Scrutins sans suspense, victoires annoncées, oppositions réduites au silence avant même le dépôt des candidatures. Les élections présidentielles africaines de 2025 ont illustré une tendance alarmante : le verrouillage systématique de l’opposition. Parmi les derniers exemples, ceux de Djibouti le 10 avril et du Bénin le 12 avril ont confirmé cette dynamique. Dans le premier cas, le président sortant Ismaïl Omar Guelleh a été réélu avec 97,8 % des voix, tandis que dans le second, Romuald Wadagni, successeur désigné de Patrice Talon, a obtenu 94 % des suffrages. Des résultats sans appel pour des élections dépourvues de réelle compétition.
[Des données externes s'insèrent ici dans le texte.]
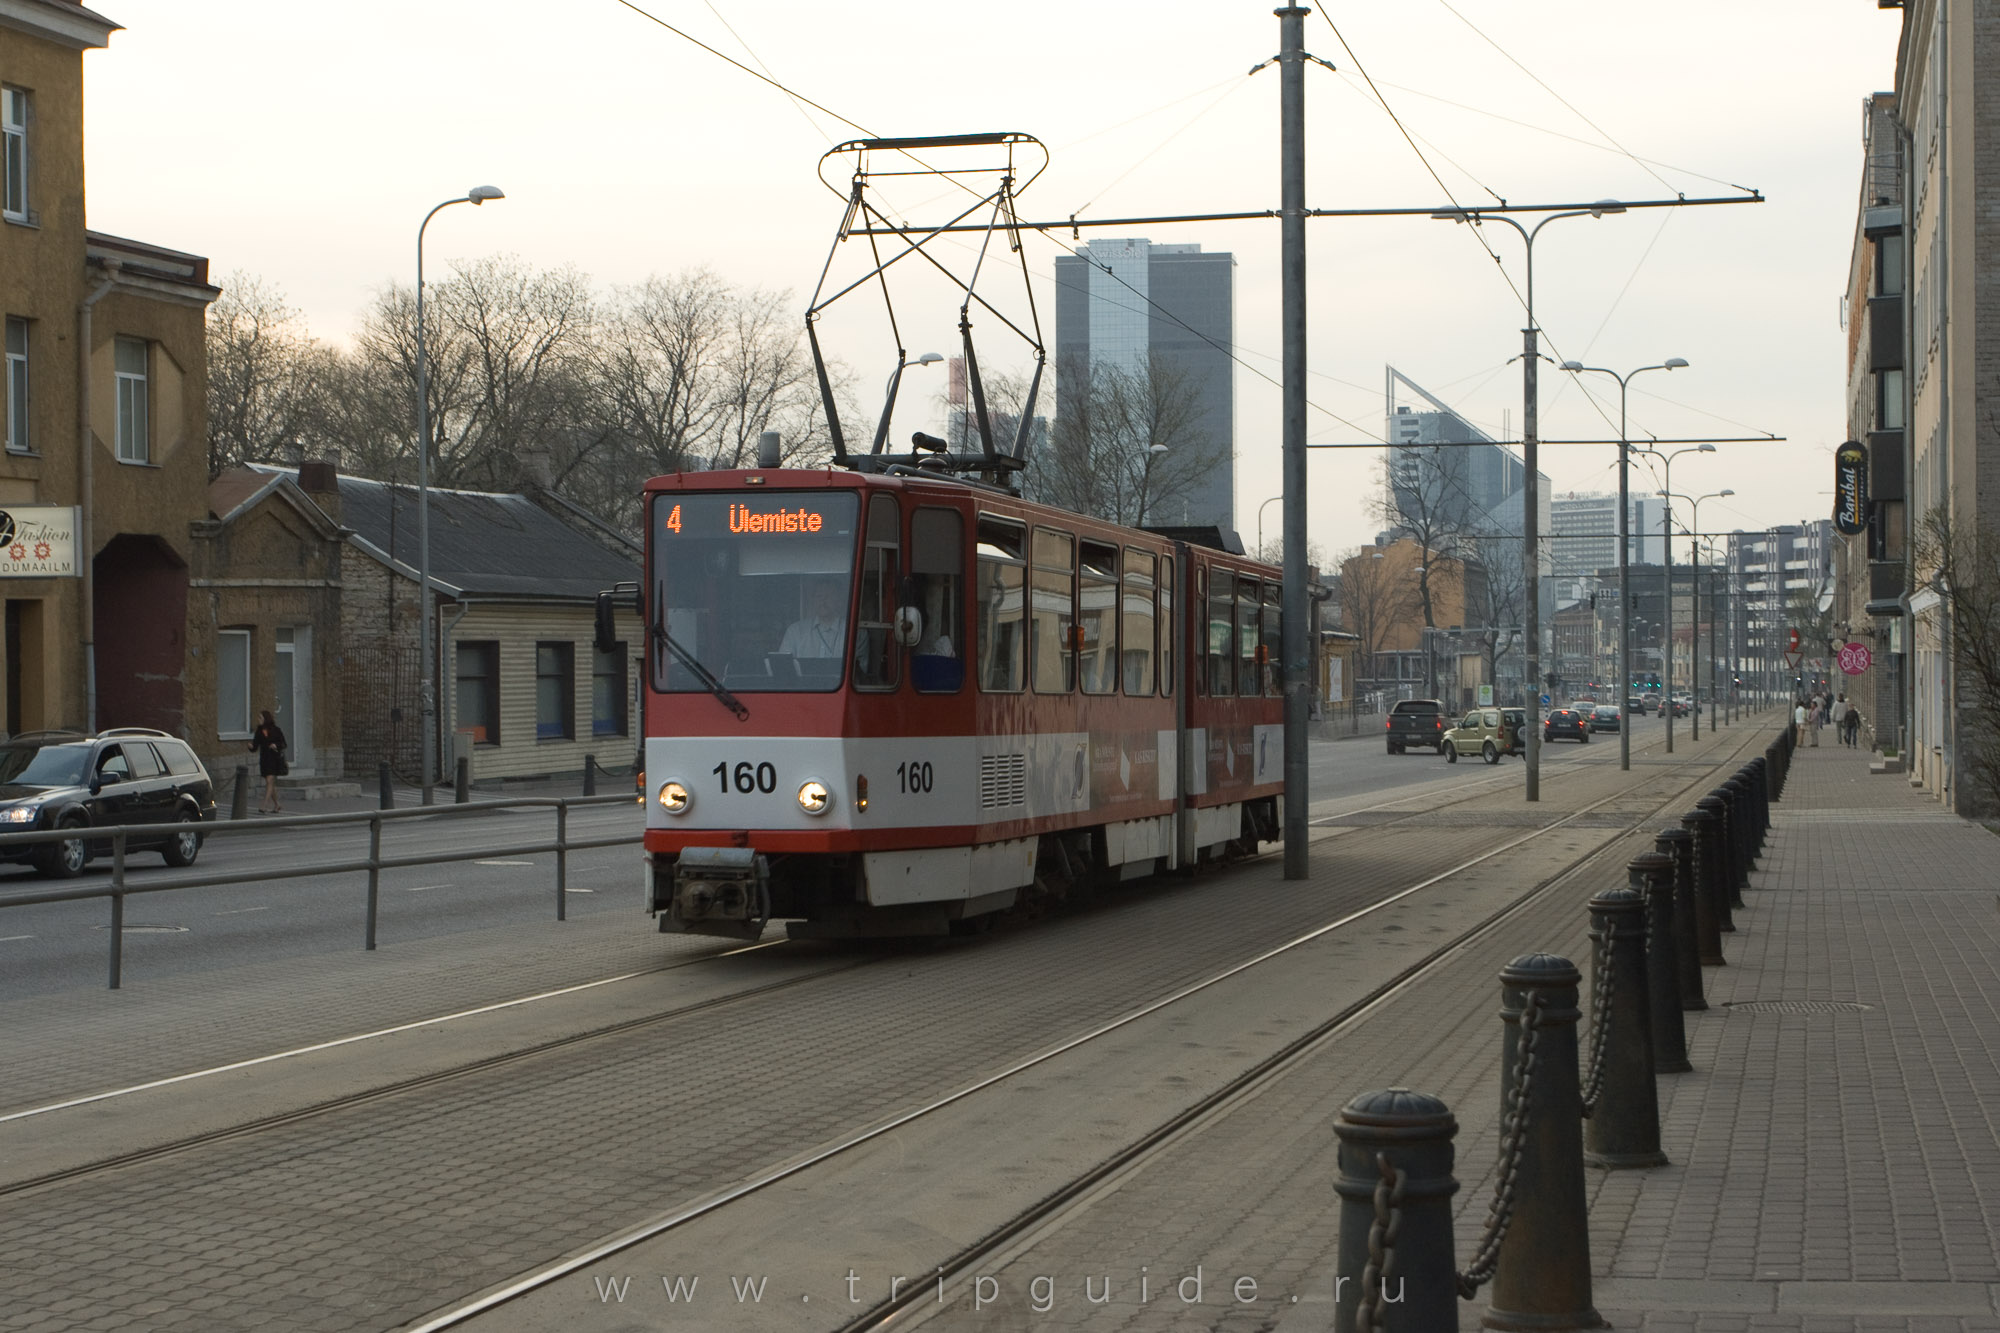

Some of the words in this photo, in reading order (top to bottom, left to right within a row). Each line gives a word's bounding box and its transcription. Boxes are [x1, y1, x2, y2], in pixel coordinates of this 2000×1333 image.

À Djibouti, l’un des principaux opposants, Alexis Mohamed, a finalement renoncé à se présenter. Si des craintes pour sa sécurité ont été évoquées, ce sont surtout « les frais de candidature exorbitants » qui ont posé un obstacle insurmontable. Le quotidien britannique ayant couvert l’événement résume la situation ainsi : « Le scrutin s’est transformé en une simple formalité ».
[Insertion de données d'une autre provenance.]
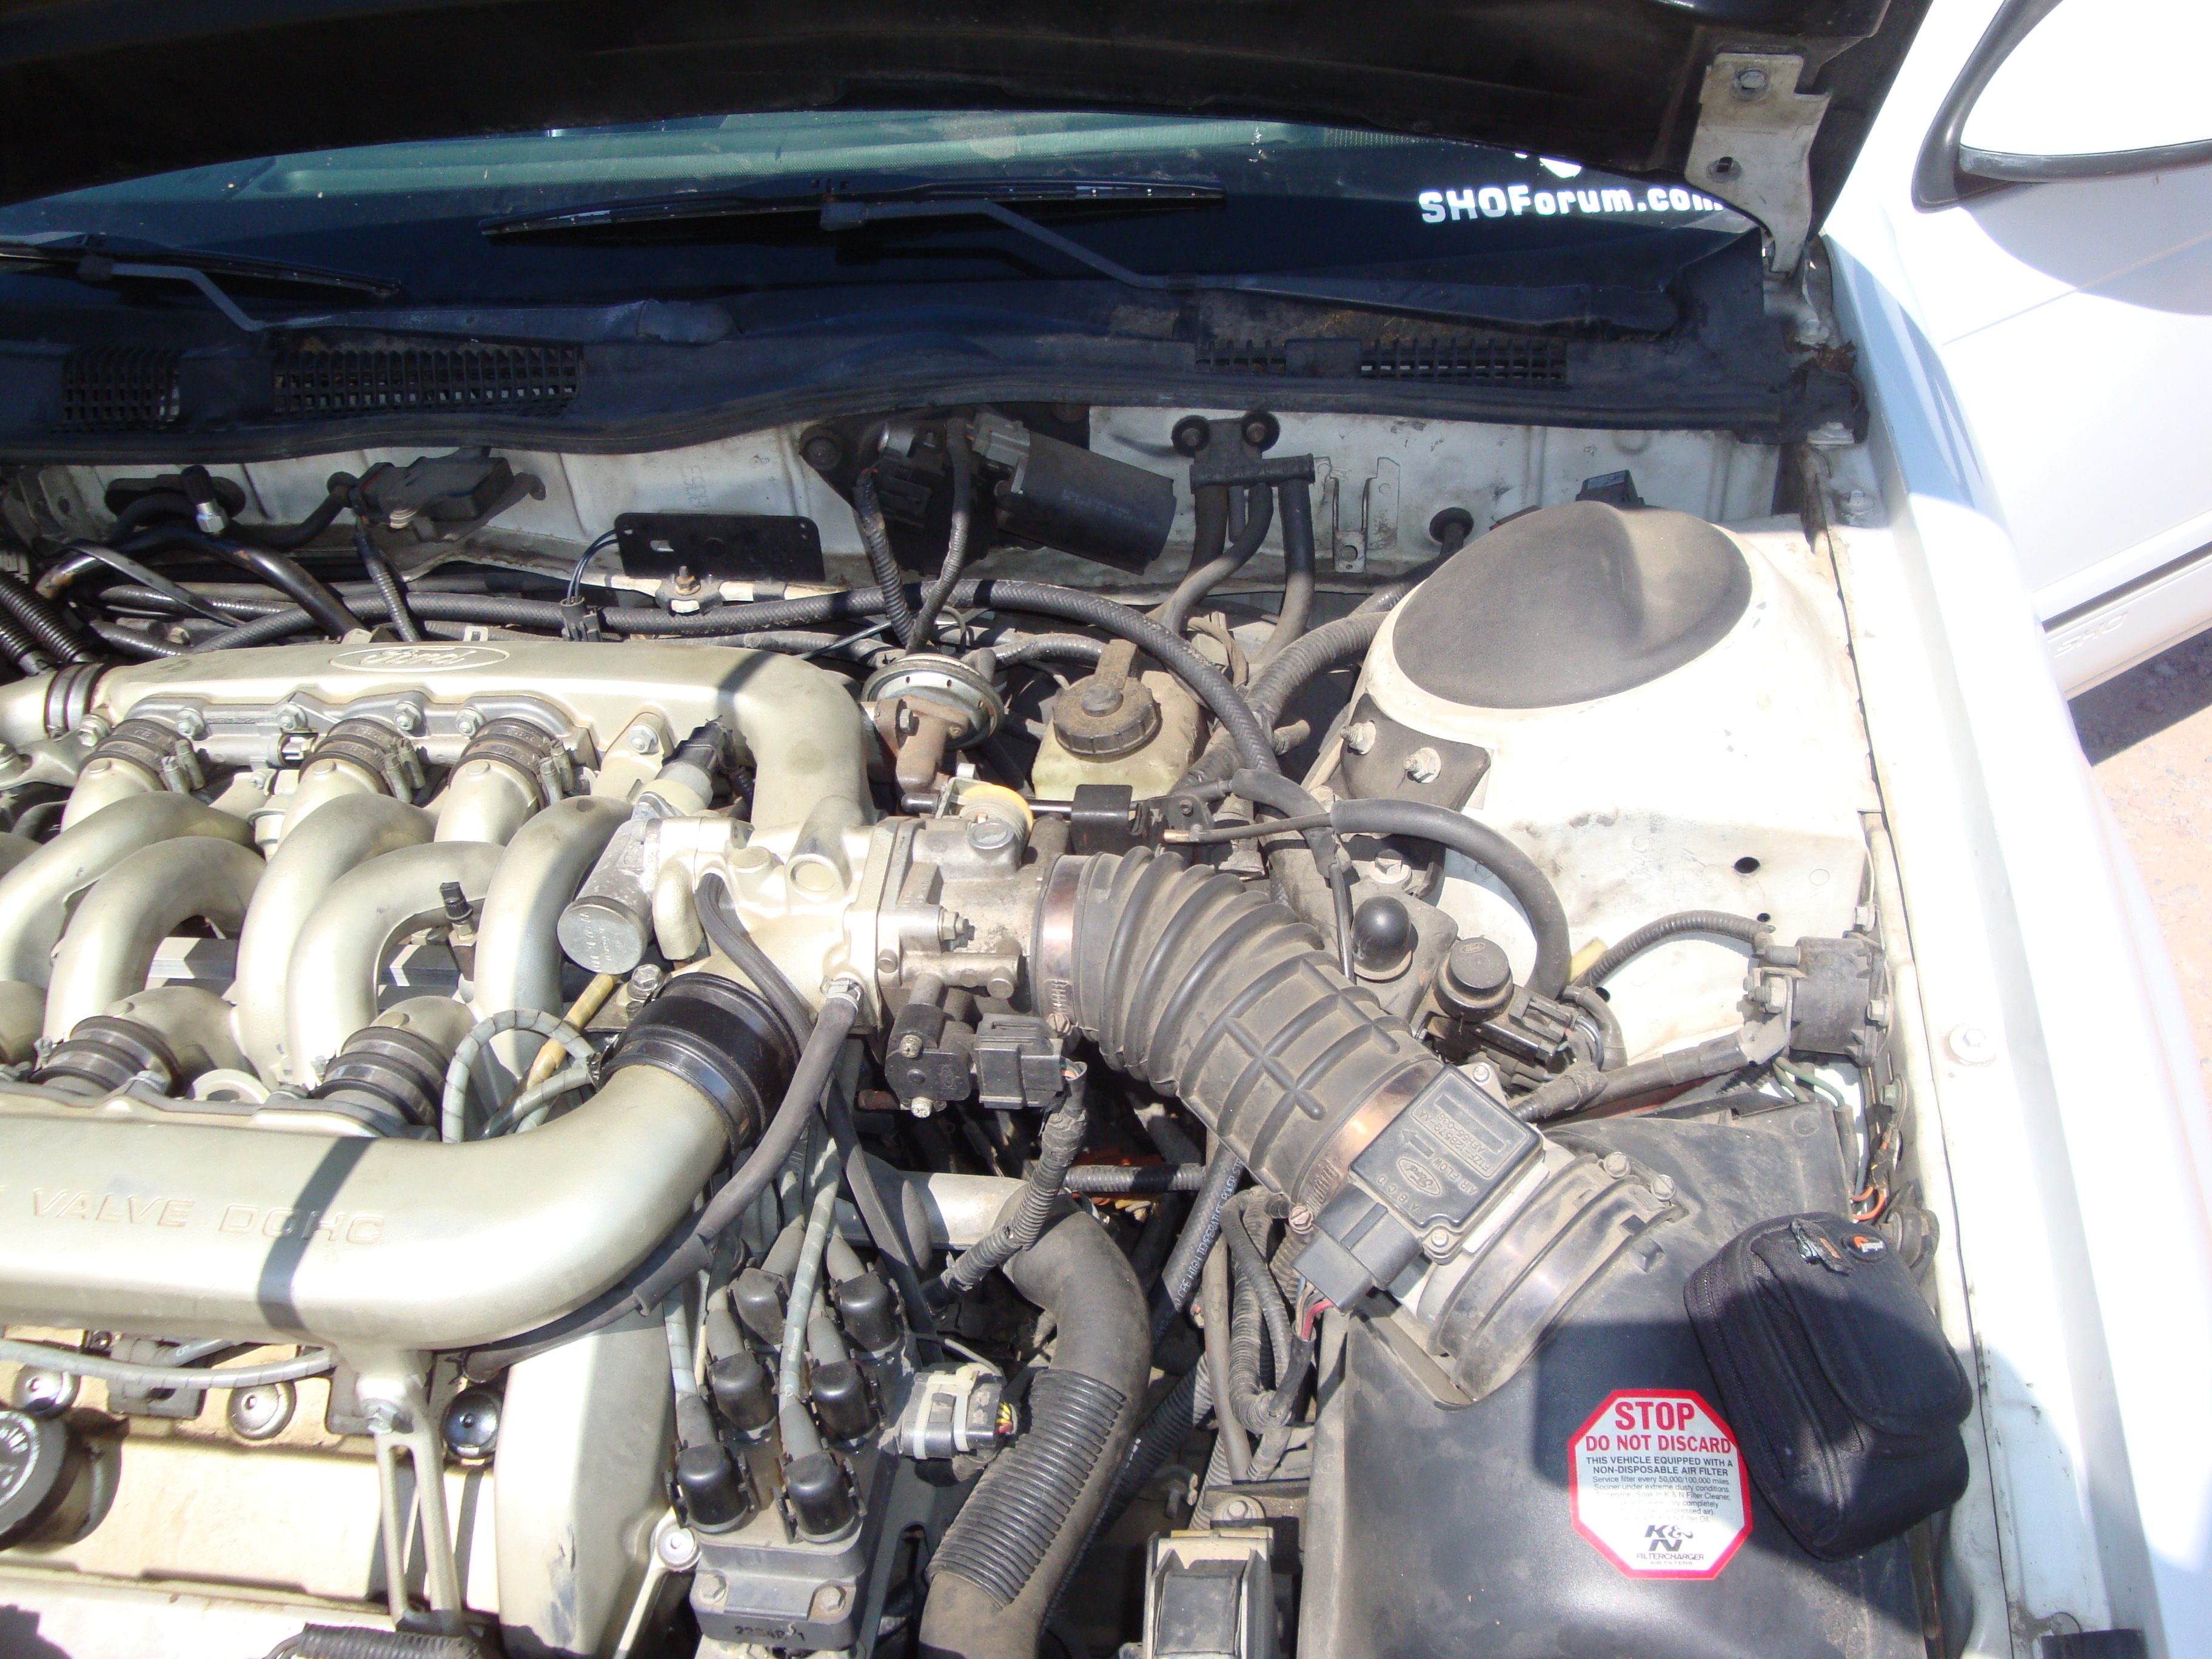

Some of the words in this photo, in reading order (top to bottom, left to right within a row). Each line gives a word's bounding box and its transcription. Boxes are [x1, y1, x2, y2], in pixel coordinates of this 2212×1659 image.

[1405, 1165, 1433, 1188] Ford
[1432, 1158, 1461, 1181] FLOW
[1460, 1181, 1478, 1195] AIR
[32, 1187, 195, 1228] VALVE
[219, 1202, 384, 1245] DOHC
[1188, 1257, 1202, 1280] HIGH
[1615, 1401, 1695, 1431] STOP
[1585, 1435, 1610, 1452] DO
[1617, 1435, 1652, 1451] NOT
[1658, 1435, 1732, 1454] DISCARD
[1593, 1466, 1678, 1474] NON-DISPOSABLE
[1610, 1456, 1652, 1464] VEHICLE
[1654, 1456, 1701, 1466] EQUIPPED
[1703, 1458, 1726, 1466] WITH
[1682, 1500, 1719, 1509] completely
Des coûts électoraux rédhibitoires pour les candidats
Cet épisode djiboutien illustre un phénomène récurrent sur le continent. Les candidats d’opposition se heurtent régulièrement à des barrières financières qui les empêchent de concourir. Entre frais de dossier, cautions et dépenses de campagne, les montants exigés deviennent souvent prohibitifs. Résultat : des élections où seuls les favoris du pouvoir en place peuvent se maintenir.
Au Bénin, le même mécanisme a joué en défaveur des adversaires politiques. Les exigences financières, combinées à des restrictions administratives, ont réduit à néant toute velléité de compétition équitable. Les observateurs soulignent que ces pratiques faussent le jeu démocratique avant même l’ouverture des urnes.
Une démocratie sous influence des finances
Les frais de campagne ne se limitent pas à un simple obstacle administratif. Ils reflètent une stratégie délibérée pour marginaliser l’opposition. En imposant des coûts inaccessibles, les régimes en place verrouillent les élections, garantissant ainsi des victoires sans surprise. Ce système, observé dans plusieurs pays africains, pose un défi majeur à l’alternance politique et à la transparence électorale.
Les élections de 2025 ont ainsi révélé une tendance inquiétante : celle d’un continent où la démocratie se mesure moins en bulletins de vote qu’en portefeuilles bien garnis. Une situation qui interroge sur l’avenir de la participation politique en Afrique.